WILMINGTON — Chris Kelly walked around the locker room at Ristuccia Arena on Friday morning without a cast, without crutches, and with a smile.
The veteran was diagnosed with a broken left tibia following a collision with Senators forward Chris Neil on Monday, but was happy to escape without a career-threatening injury.
The crash was unavoidable, with the two skating swiftly in opposite directions. Kelly’s leg made direct contact with Neil’s.
“It hurt,” Kelly said. “But the good thing is it could have been much worse. It’s just a hockey play, to be honest. Both guys turned there and we didn’t really have any place to go. Things happen quickly there, that’s all it was.
“[Neil] sent me a text right after and apologized and I just said, ‘It’s a hockey play, that’s all it is.’ ”

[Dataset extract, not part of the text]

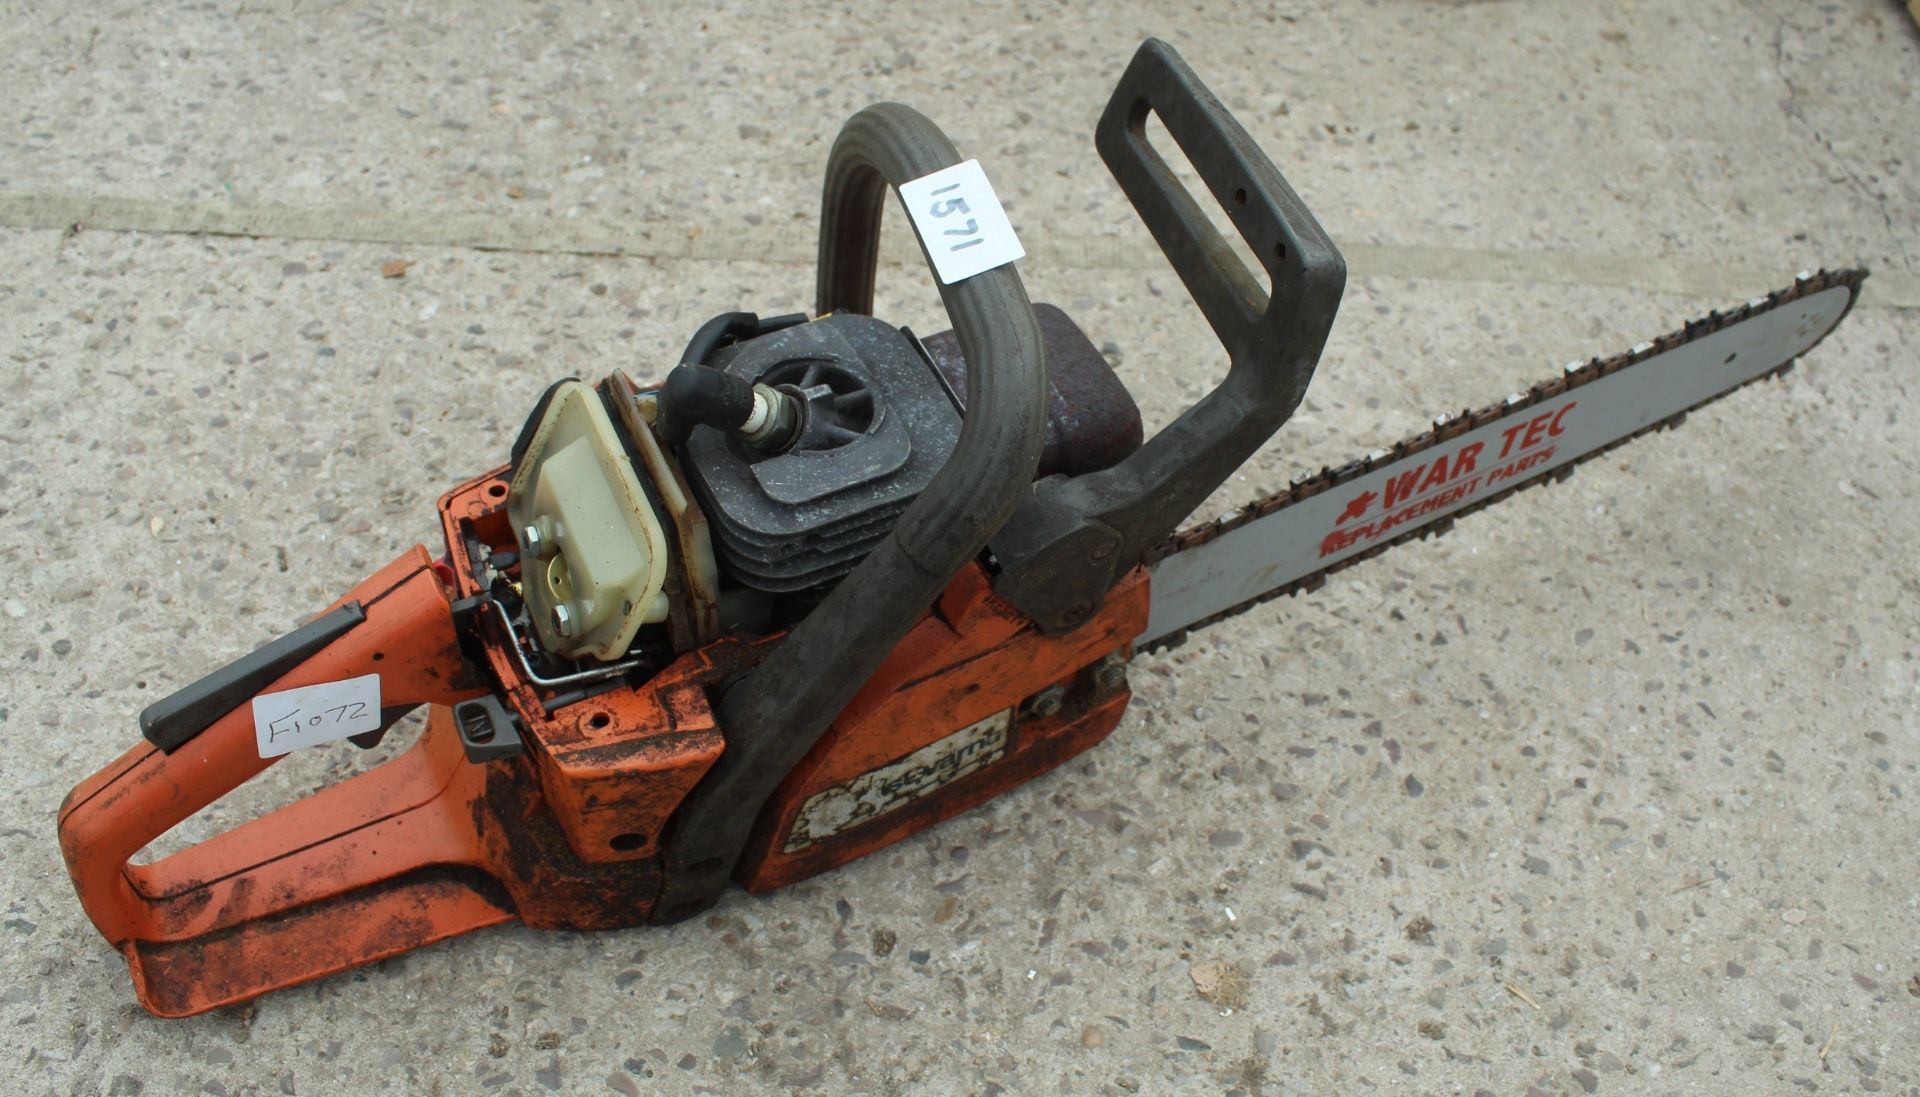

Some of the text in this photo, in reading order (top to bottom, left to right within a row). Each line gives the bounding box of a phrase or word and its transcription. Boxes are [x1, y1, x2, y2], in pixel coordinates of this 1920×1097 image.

[930, 183, 984, 252] 1571
[1319, 445, 1557, 559] REPLACEMENT PARTS
[1383, 403, 1577, 509] WAR TEC

The third-line center is optimistic he could return before the Bruins’ regular-season finale April 27, but he’s been given no time frame from the team’s medical staff. Surgery is unlikely.
“It’s just one of those things time will heal, and it will heal on its own,” Kelly said. “I’m using ice and we’re trying to get rid of a lot of the swelling that accumulated. That’s the major thing, just making sure I don’t lose too much strength with the leg.”
Kelly, who has appeared in at least 75 games for seven straight seasons, said the most time he’s previously missed because of an injury was seven games after blocking a shot.
After putting up 20 goals and 19 assists in 82 games for the Bruins last season, he had been snakebitten this season, scoring just twice in 23 games.
Jay Pandolfo has been added to the third line in Kelly’s absence, with Rich Peverley moving to center.
“They looked good,” Kelly said. “I thought they had two games that they had a lot of offensive time and they moved the puck well. Pevs is great at center. We interchange a lot of times and read off one another, so it’s pretty familiar position for Rich.”
Coach Claude Julien doesn’t think of Peverley as a downgrade at the position.
“They haven’t really been a liability out there,” Julien said. “That’s what you can ask for from that line, and maybe with a little bit time and chemistry you’re going to start getting some production going.”
A good portion of Friday’s media session was spent discussing the lack of production from the top line of Milan Lucic, David Krejci, and Nathan Horton.
The three have combined for just six goals in the last 13 games, and Julien has considered separating them. But with the third line undergoing changes and the second line of Tyler Seguin, Patrice Bergeron, and Brad Marchand clicking, Julien doesn’t have an obvious solution.
“Bergeron’s line is doing extremely well, so you have to think twice before you break them up,” he said. “When you go down to the bottom lines, to put a guy into the top line isn’t the most evident. It’s a little bit of a tough situation there, but never say no. We’ve done it before, and if we have to do it again we will.”
Lucic and Horton may need to start taking more shots. Lucic, who averaged 1.84 shots on goal per game last season, is averaging just 1.5 this season. His shooting percentage is also down, from 17.4 to 11.1.
“I’ve just got to get them through,” said Lucic, who has four goals this season. “I feel like I’ve had a bunch of them blocked and all that type of stuff. [I’m] also overpassing a little too much.
“I think a shoot-first mentality is something I had the last few years and something I definitely have to get back to.”
Adam McQuaid was on the ice after missing Thursday’s 4-1 win over Florida with what Julien called a “minor injury.”
Julien wouldn’t specify, but said it was somewhere on the “upper body.” Julien said McQuaid could play against the Capitals on Saturday.
Aaron Johnson filled in for McQuaid on Thursday and was paired with Johnny Boychuk, pushing Andrew Ference to the second pairing with Dennis Seidenberg. Dougie Hamilton and Zdeno Chara made up the top duo.